My latest audiobook selection is John Calvin's Institutes of the Christian Religion. In the Prefatory Address to the King of France, Calvin lays out why the accusations against the Protestants are resoundingly false. High on his list of arguments is that the Reformers were not teaching anything novel lest the accusation of novelty be brought against Christ and the Scripture.
But also high on the list is a rebuttal to a Scriptural argument put forth in defense of the Fathers:
It is not without cause (remark our opponents) we are thus warned by Solomon, “Remove not the ancient landmarks which thy fathers have set” (Prov. 22:28). But the same rule applies not to the measuring of fields and the obedience of faith. The rule applicable to the latter is, “Forget also thine own people, and thy father’s house” (Ps. 45:10).

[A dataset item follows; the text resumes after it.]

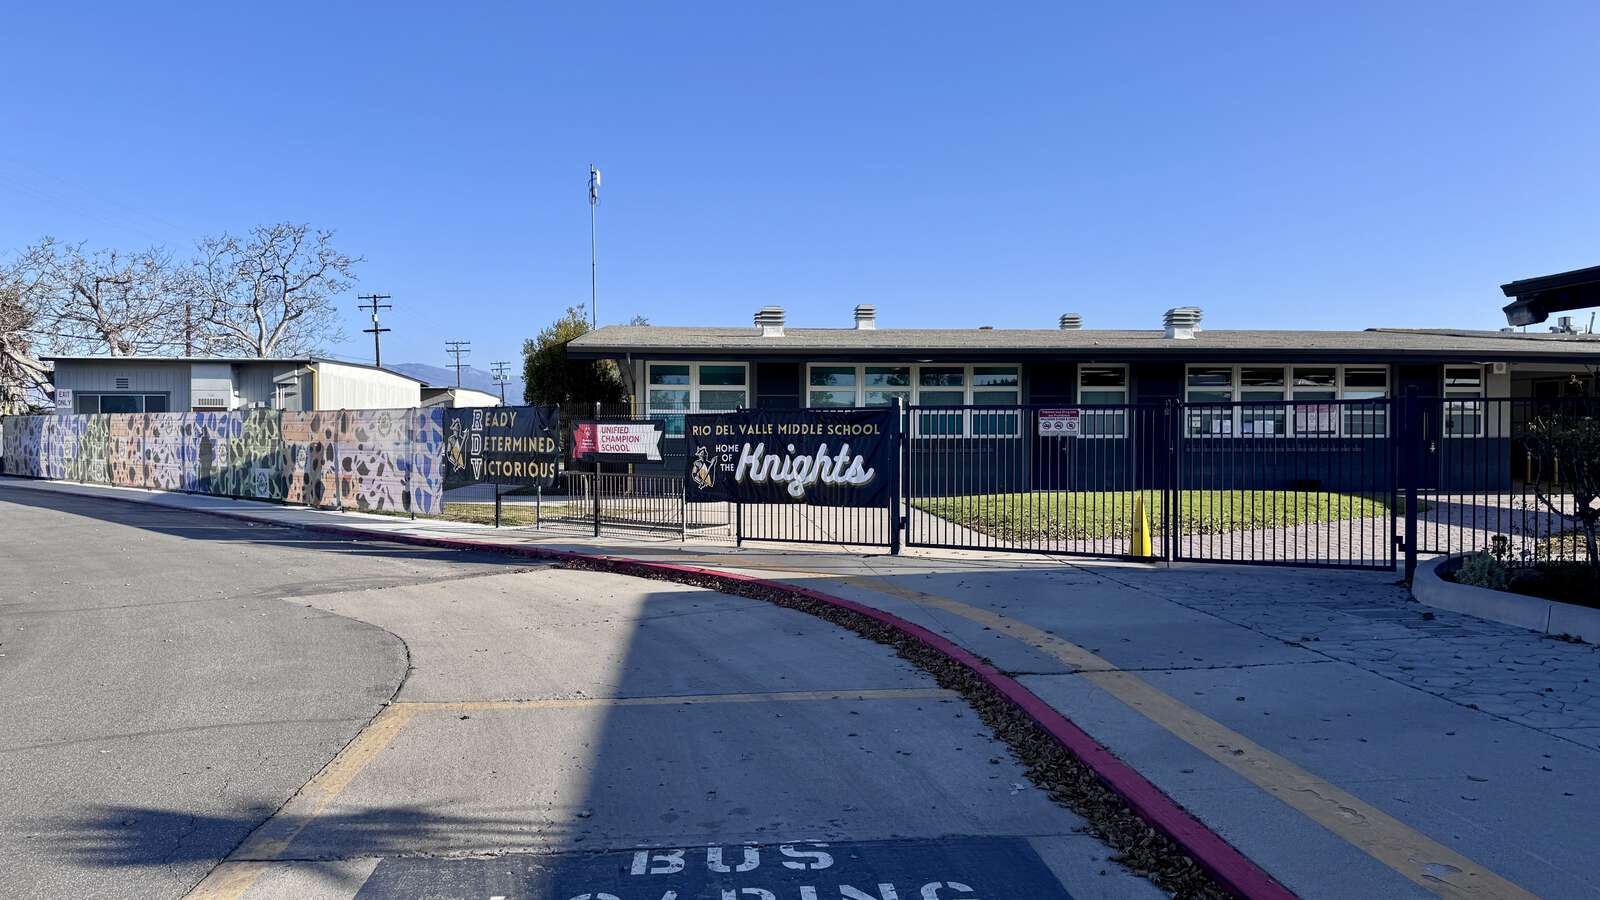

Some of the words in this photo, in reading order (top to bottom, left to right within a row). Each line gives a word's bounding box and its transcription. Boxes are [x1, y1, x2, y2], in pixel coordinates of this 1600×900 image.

While Calvin goes on to demonstrate an impressive familiarity with the Fathers and their theology (including their contradictions), Calvin's principal argument is that in regards to the "obedience of faith" the rule of "ancient landmarks" is not to be observed. While traditions, creeds, and councils are incredibly valuable returning to the Scriptures cannot be the foundation of impiety.
In our dialogues and debates, what percentage of our attention is returned to the Scriptures and what percentage is spent arguing the verbiage and meaning of Fathers (whether old or new)? Do not many of these Fathers point us to Scripture and Christ instead of their own words which merely evince Scripture?